Но он тотчас же взял себя в руки; и он только заметил:
– «Так, я к вашим услугам», – и при этом подумал он, что вот вежливость погубила его…
– «Помня о вашем сочувствии, я пришел…»
– «Все, что могу», – выкрикнул Николай Аполлонович и при этом подумал, что он – болван окончательно…
– «Маленькая, о, вовсе маленькая услуга…» (Николай Аполлонович чутко прислушивался):
– «Виноват… не позволите ли мне пепельницу?..»
Дни стояли туманные, странные: по России на севере проходил мерзлой поступью ядовитый октябрь; а на юге развесил он гнилые туманы.
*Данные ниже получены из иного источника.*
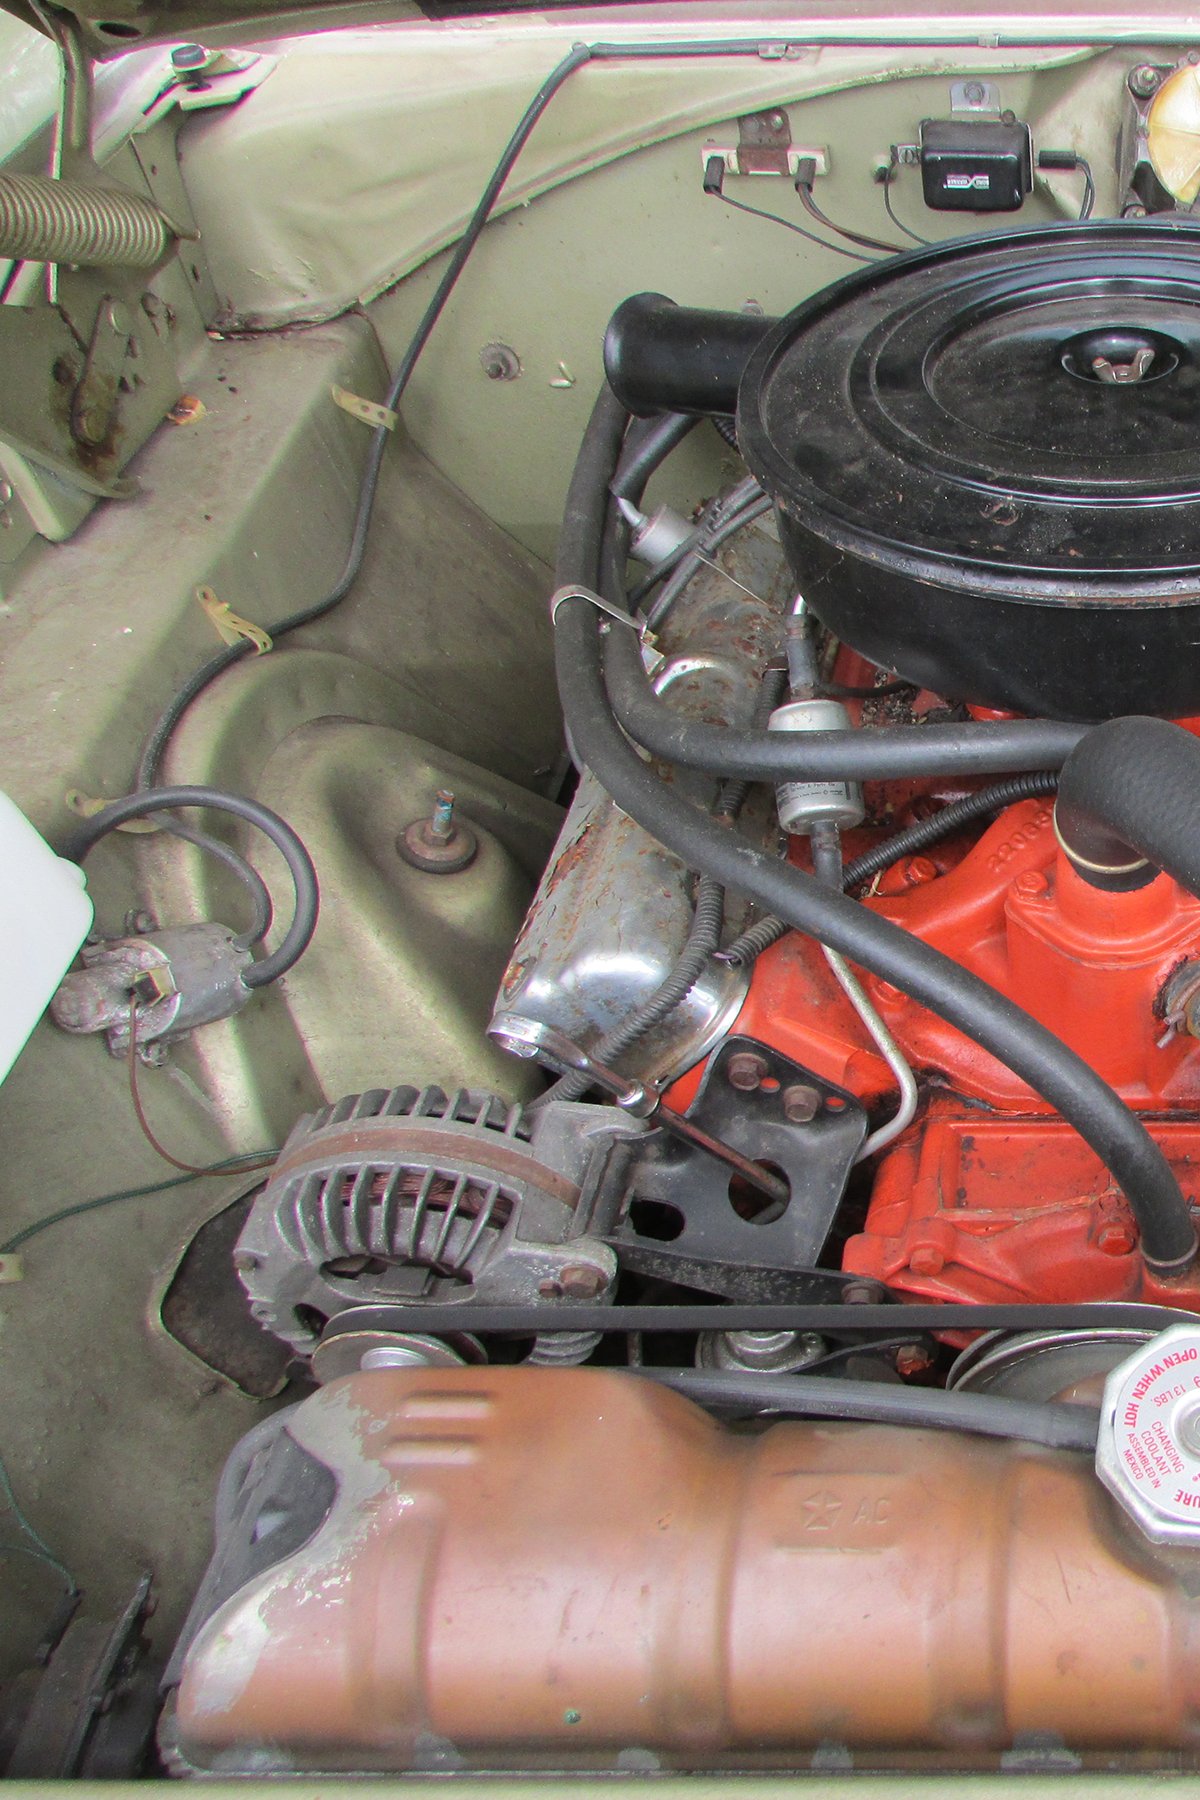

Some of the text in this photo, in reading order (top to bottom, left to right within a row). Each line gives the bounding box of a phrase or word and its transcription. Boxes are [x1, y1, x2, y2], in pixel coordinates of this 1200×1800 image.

Ядовитый октябрь обдувал золотой лесной шепот, – и покорно ложился на землю шелестящий осинный багрец, чтобы виться и гнаться у ног прохожего пешехода, и шушукать, сплетая из листьев желто-красные россыпи слов. Та синичья сладкая пискотня, что купается сентябрем в волне лиственной, в волне лиственной не купалась давно: и сама синичка теперь сиротливо скакала в черной сети из сучьев, что как шамканье беззубого старика посылает всю осень свой свист из лесов, голых рощ, палисадников, парков.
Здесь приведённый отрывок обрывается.